In rare cases, individuals with Dowling-Degos disease experience itching (pruritus) or burning sensations on the skin. These feelings can be triggered by UV light, sweating, or friction on the skin.
The pigmentation changes characteristic of Dowling-Degos disease typically begin in late childhood or in adolescence, although in some individuals, features of the condition do not appear until adulthood. New areas of hyperpigmentation tend to develop over time, and the other skin lesions tend to increase in number as well. While the skin changes associated with Dowling-Degos disease may cause distress or anxiety, they typically cause no other health problems.
A condition called Galli-Galli disease has signs and symptoms similar to those of Dowling-Degos disease. In addition to pigmentation changes, individuals with Galli-Galli disease also have a breakdown of cells in the outer layer of skin (acantholysis). Acantholysis can cause skin irritation and itchiness and lead to reddened or missing patches of skin (erosions). These conditions used to be considered two separate disorders, but Galli-Galli disease and Dowling-Degos disease are now regarded as the same condition.
Dowling-Degos disease appears to be a rare condition, although its prevalence is unknown.
Mutations in the KRT5, POFUT1, or POGLUT1 gene cause most cases of Dowling-Degos disease.
The KRT5 gene provides instructions for making a protein called keratin 5, which is produced in cells called keratinocytes in the outer layer of the skin (the epidermis). Keratin 5 is one component of molecules called keratin intermediate filaments. These filaments assemble into strong networks that help attach (bind) keratinocytes together and anchor the epidermis to underlying layers of skin. Researchers believe that keratin 5 may also play a role in transporting melanosomes, which are pigment-carrying structures found in skin cells called melanocytes. The transport of these structures from melanocytes into keratinocytes is important for the development of normal skin coloration (pigmentation).

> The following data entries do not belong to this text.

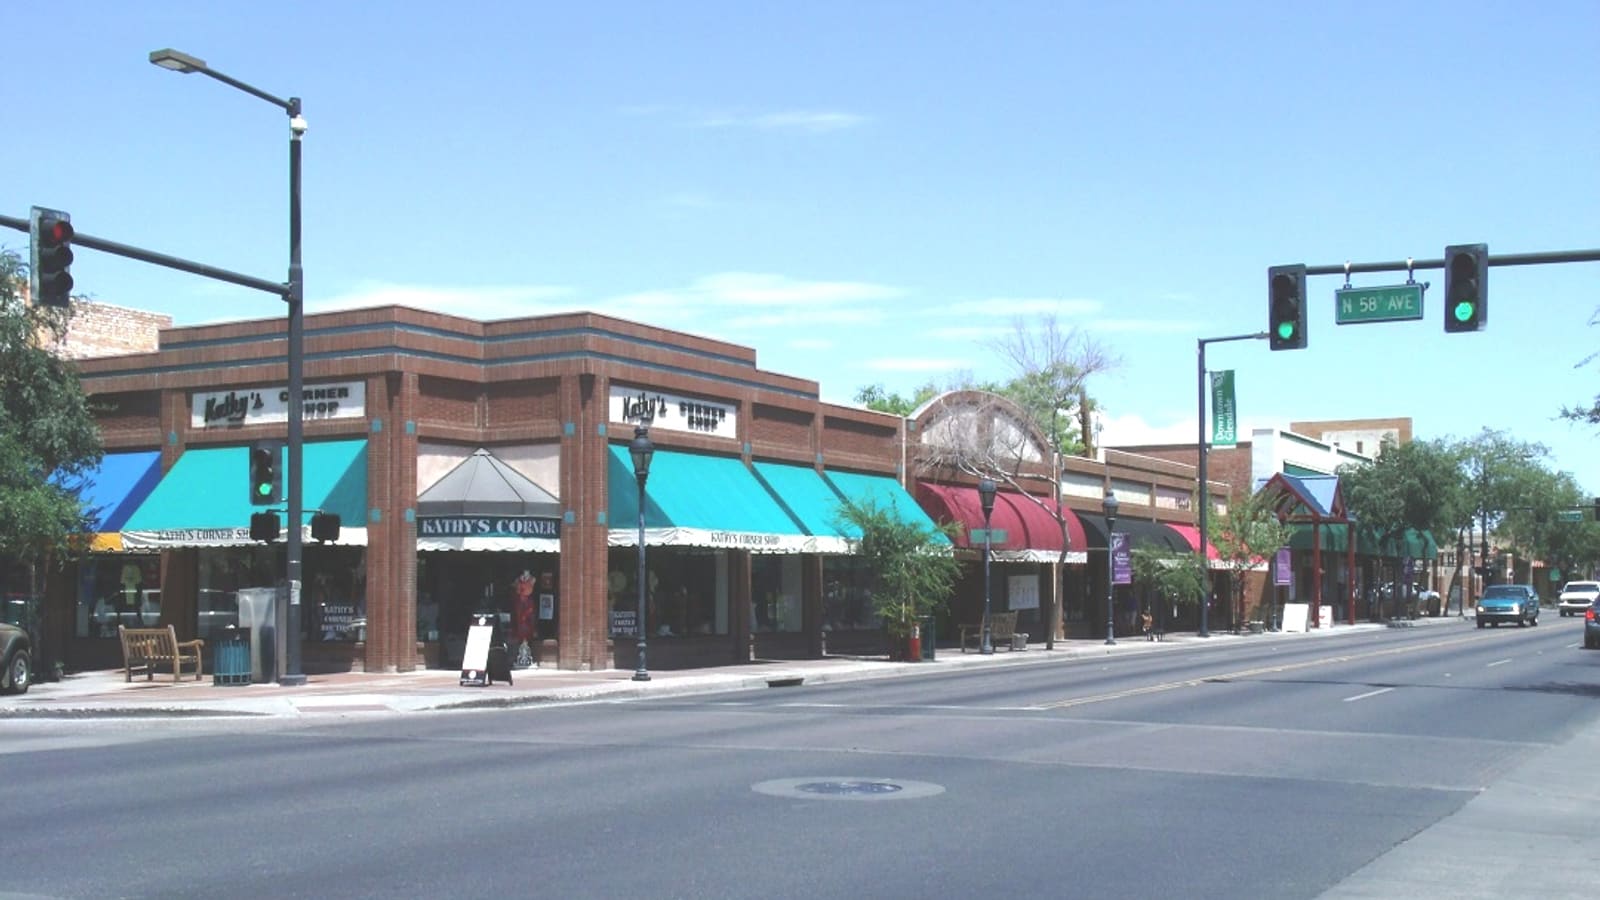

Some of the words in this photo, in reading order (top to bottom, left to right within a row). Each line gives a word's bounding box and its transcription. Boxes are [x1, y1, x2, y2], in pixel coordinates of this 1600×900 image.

[1342, 298, 1352, 313] N
[1388, 294, 1414, 311] AVE
[204, 391, 264, 423] Kathy's
[279, 387, 349, 402] CRNER
[303, 401, 340, 414] HOP
[622, 392, 668, 422] Kathy's
[1215, 390, 1225, 441] Downtown
[1224, 399, 1234, 441] Glendale
[158, 528, 193, 541] KATHY'S
[196, 528, 234, 541] CORNER
[422, 519, 490, 534] KATHY'S
[496, 519, 556, 535] CORNER
[711, 532, 738, 543] KATHY'S
[739, 534, 763, 546] CORNER
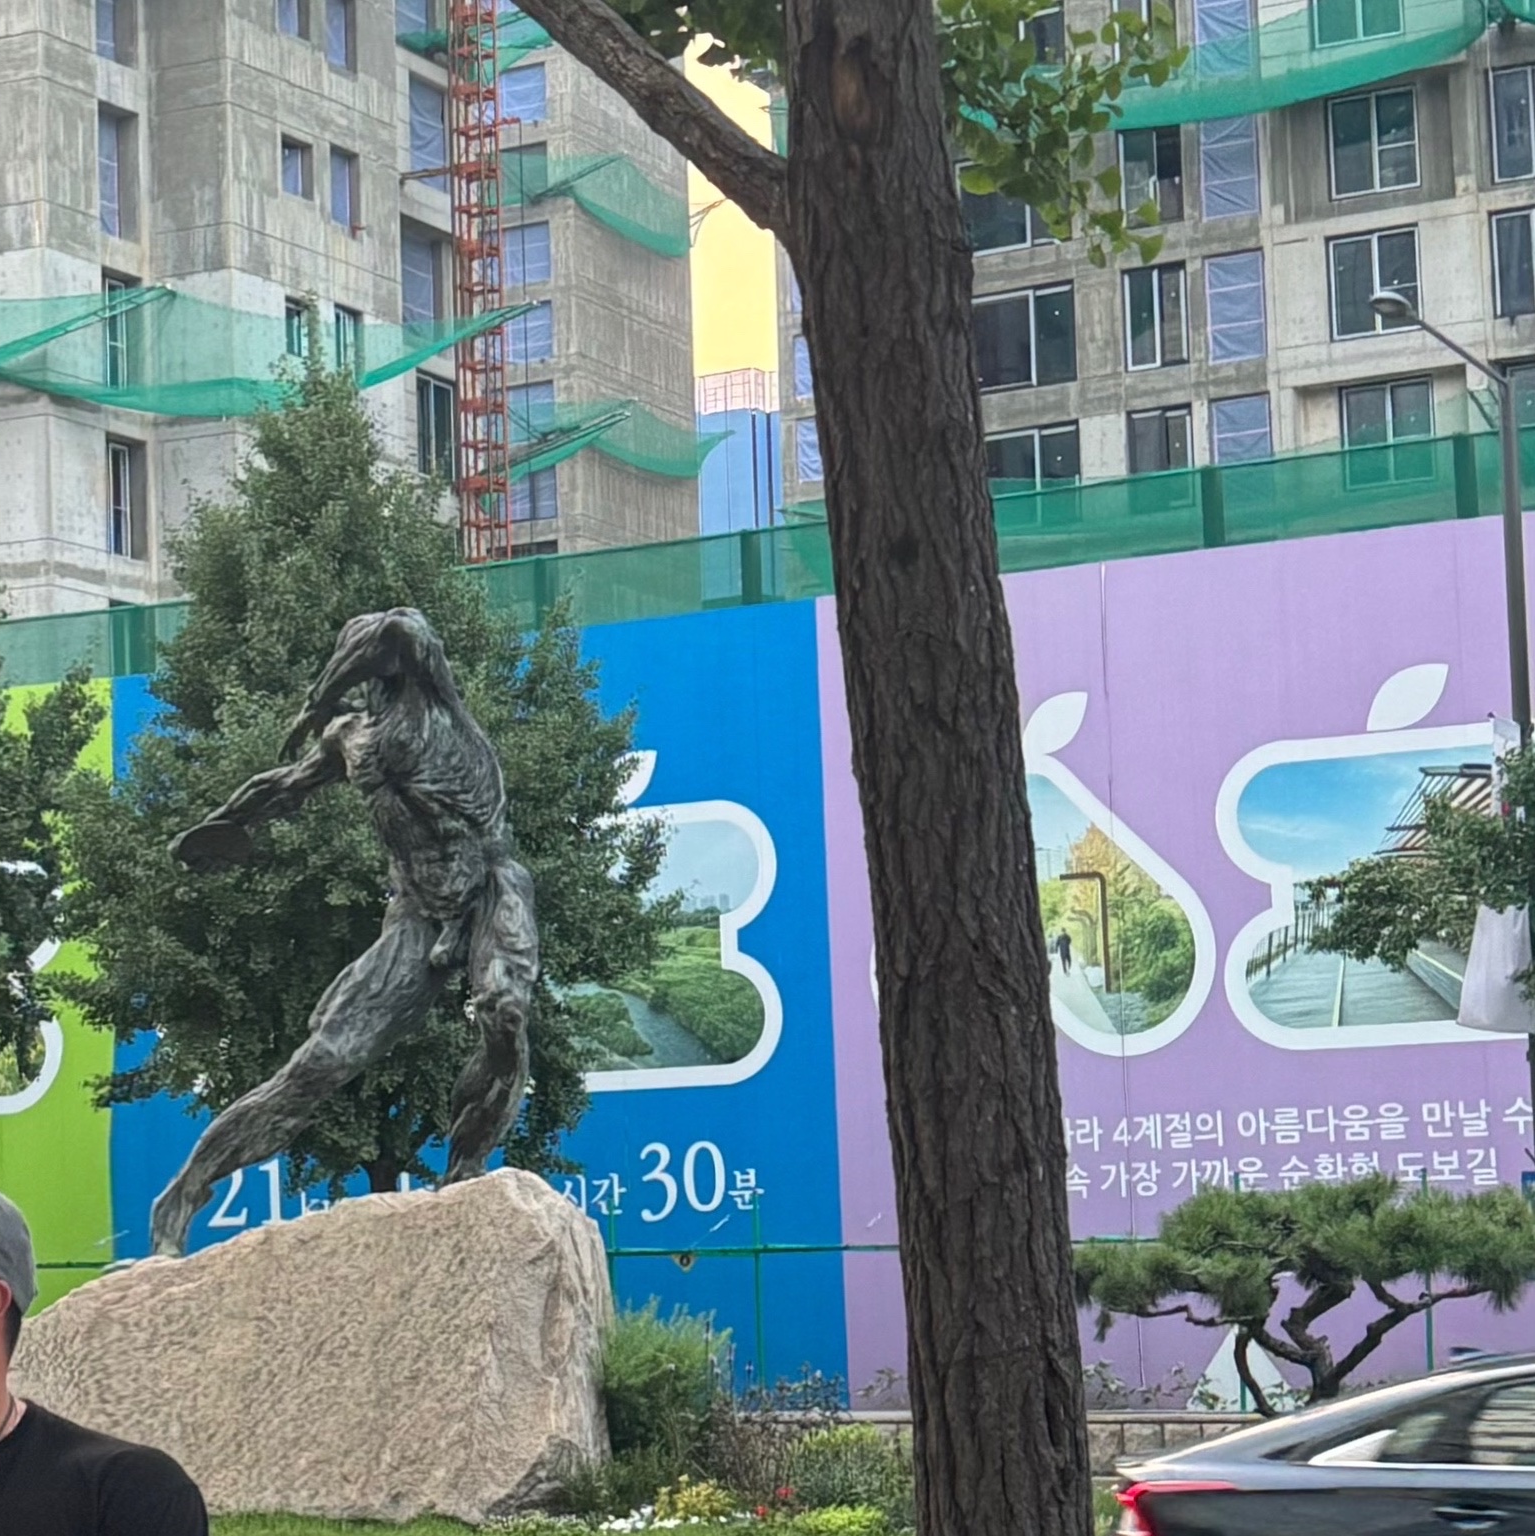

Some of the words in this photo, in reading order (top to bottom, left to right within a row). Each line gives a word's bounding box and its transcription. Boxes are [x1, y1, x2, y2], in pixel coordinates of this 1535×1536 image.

[1112, 1110, 1224, 1150] 4계절의
[1237, 1102, 1410, 1146] 아름다움을
[1422, 1098, 1491, 1138] 만날
[1502, 1097, 1533, 1135] 수
[640, 1141, 764, 1222] 30분
[1100, 1160, 1161, 1198] 가장
[1171, 1156, 1269, 1197] 가까운
[1397, 1147, 1499, 1185] 도보길
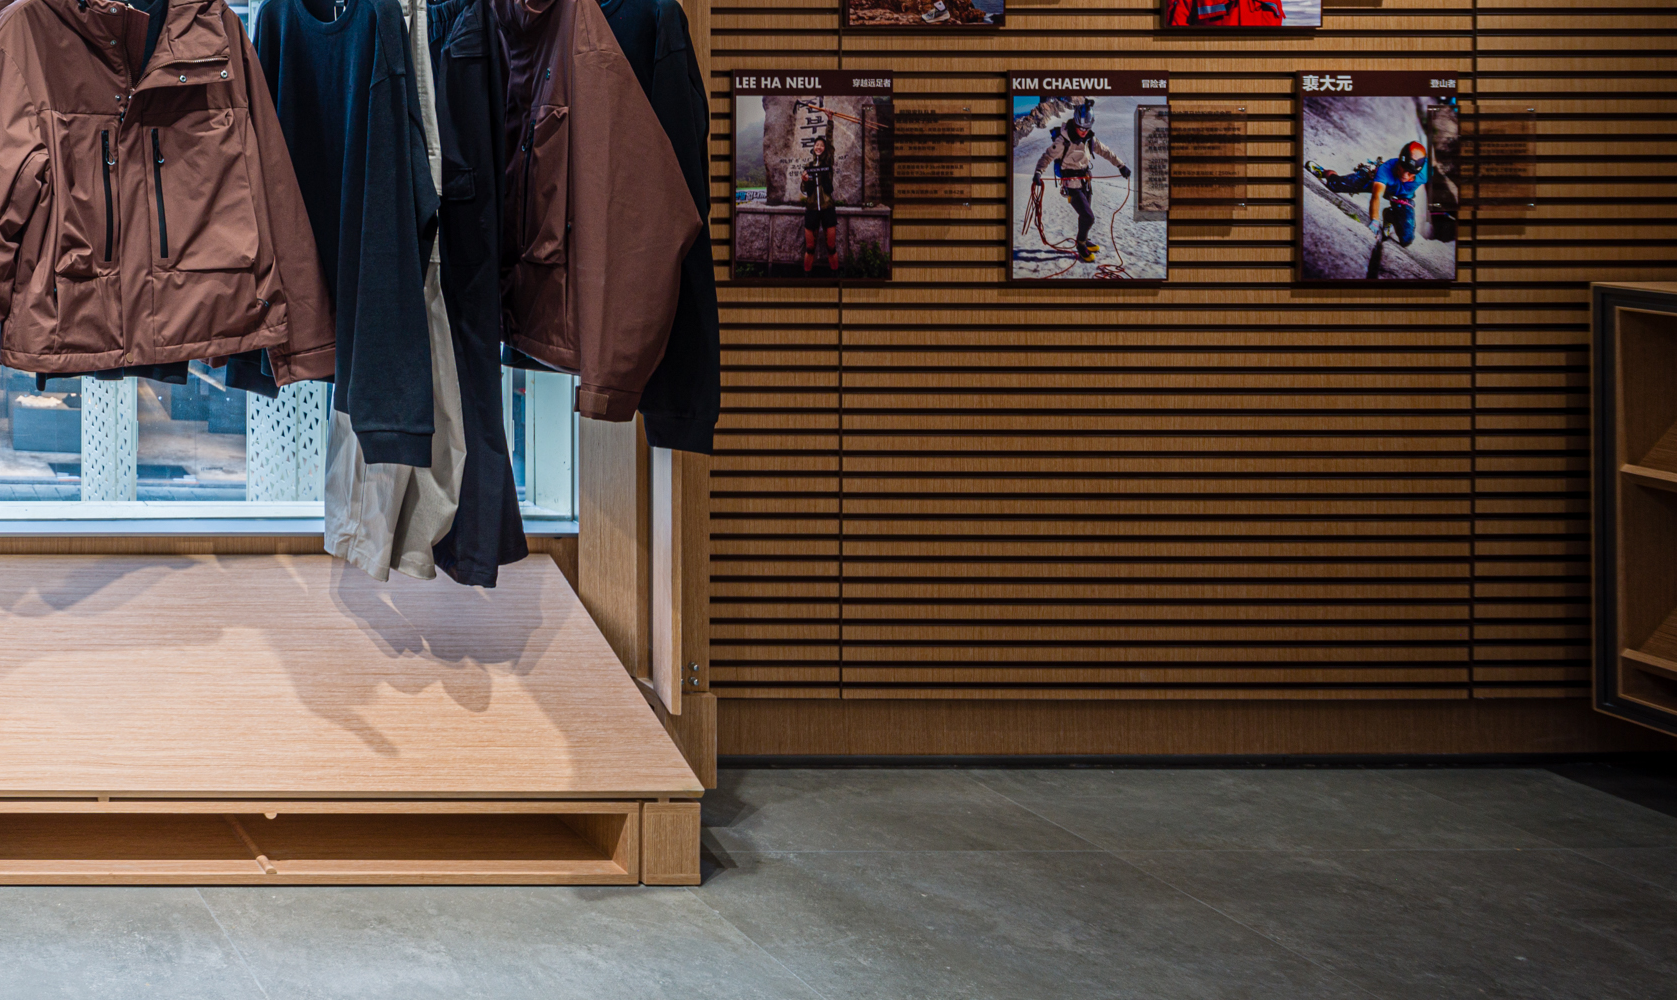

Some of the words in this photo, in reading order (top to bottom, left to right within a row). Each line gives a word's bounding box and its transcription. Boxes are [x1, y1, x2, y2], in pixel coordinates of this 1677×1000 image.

[735, 76, 757, 89] LEE
[761, 76, 782, 89] HA
[786, 76, 822, 89] NEUL
[852, 78, 891, 88] 穿越远足者
[1012, 77, 1039, 90] KIM
[1042, 77, 1112, 90] CHAEWUL
[1141, 79, 1167, 89] 冒险者
[1430, 78, 1457, 89] 登山者

The POFUT1 and POGLUT1 genes provide instructions for making proteins that add different sugar molecules to proteins called Notch receptors. Notch receptors are a family of proteins that are involved in a signaling pathway that guides normal development of many tissues throughout the body, both before birth and throughout life. Receptor proteins have specific sites into which certain other proteins, called ligands, fit like keys into locks. The addition of sugar molecules to Notch receptors changes the shape of the receptors, allowing them to bind to their ligands and trigger signaling in the pathway. In skin cells, Notch signaling likely plays a role in maintaining precursor cells that mature into melanocytes and regulating interactions between melanocytes and keratinocytes.
KRT5 gene mutations that cause Dowling-Degos disease lead to a decrease in functional keratin 5 protein. A loss of keratin 5 can impair the formation of keratin intermediate filaments. As a result, the normal organization of the epidermis is altered, leading to the development of different types of skin lesions. Additionally, a decrease in keratin 5 may disrupt the transfer of pigment-carrying melanosomes from melanocytes to keratinocytes, where they are needed for the development of normal skin pigmentation. This disruption of melanosome transport is thought to cause the pigmentation abnormalities seen in individuals with Dowling-Degos disease.
Mutations in the POFUT1 or POGLUT1 gene result in a protein with little or no function. As a result, the protein is less able or unable to add sugar molecules to Notch receptors. Without these sugar molecules, Notch receptors cannot bind to their ligands and the Notch signaling pathway is halted. Because the varied functions of the Notch signaling pathway affect many body systems and Dowling-Degos disease affects only the skin, it is unclear whether the signs and symptoms of this condition are due to impaired Notch signaling or disruption of an unknown function of the protein in melanocytes or other skin cells.
Mutations in other genes, some of which have not been identified, are responsible for the remaining cases of Dowling-Degos disease.
This condition is inherited in an autosomal dominant pattern, which means one copy of the altered gene in each cell is sufficient to cause the disorder.